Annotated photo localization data
---

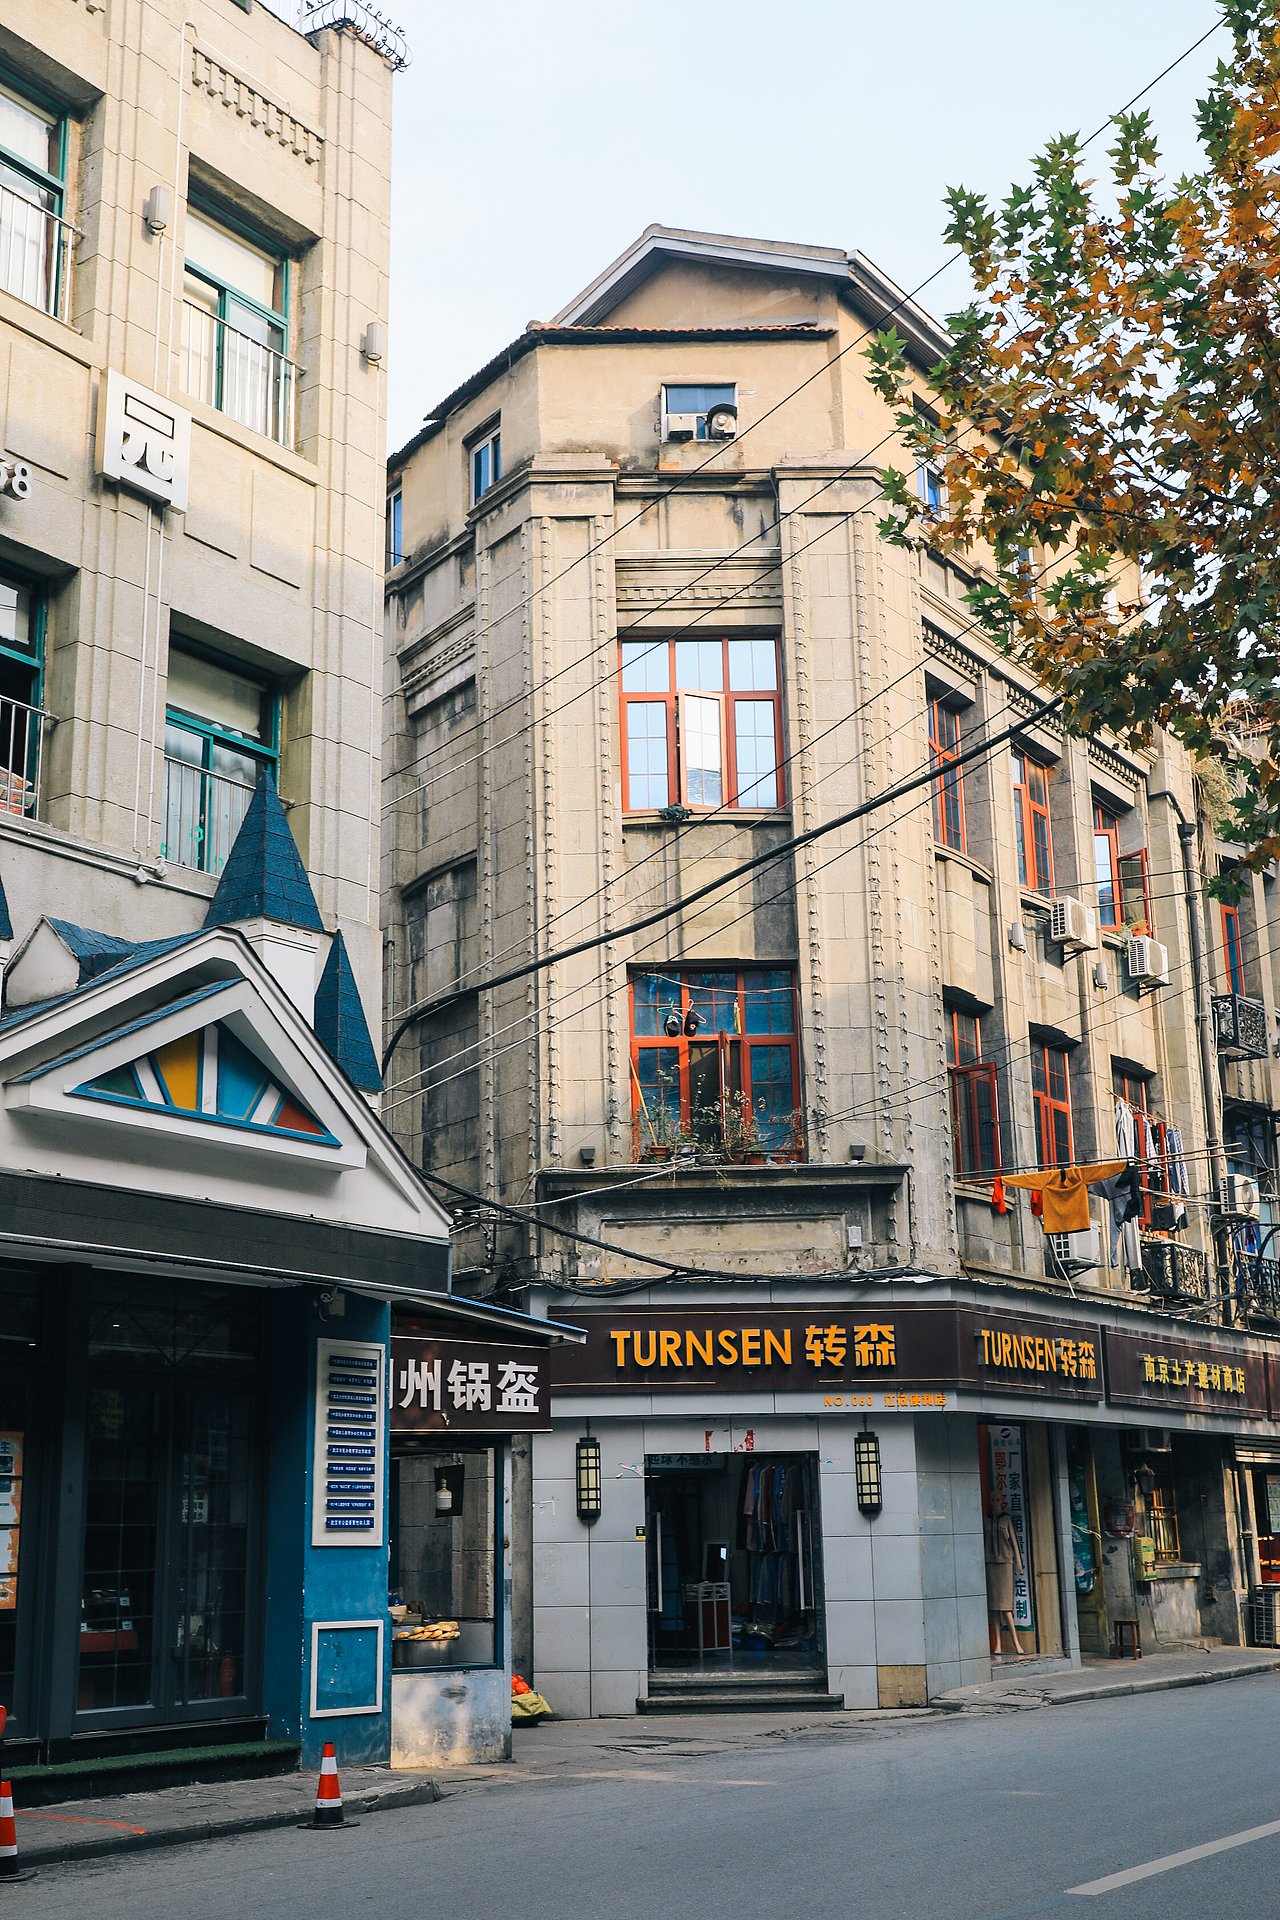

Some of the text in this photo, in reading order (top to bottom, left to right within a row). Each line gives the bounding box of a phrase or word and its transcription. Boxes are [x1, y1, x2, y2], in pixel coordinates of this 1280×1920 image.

[610, 1324, 896, 1367] TURNSEN 转森
[981, 1329, 1097, 1380] TURNSEN 转森
[389, 1358, 540, 1413] 州锅盔
[1143, 1353, 1246, 1395] 南京土产建材商店
[824, 1395, 874, 1407] NO.060

---

What to produce -
Strip the images and reproduce the remaining records precisely.

Task result -
Some of the text in this photo, in reading order (top to bottom, left to right within a row). Each line gives the bounding box of a phrase or word and its transcription. Boxes are [x1, y1, x2, y2], in pixel coordinates of this 1280×1920 image.

[610, 1324, 896, 1367] TURNSEN 转森
[981, 1329, 1097, 1380] TURNSEN 转森
[389, 1358, 540, 1413] 州锅盔
[1143, 1353, 1246, 1395] 南京土产建材商店
[824, 1395, 874, 1407] NO.060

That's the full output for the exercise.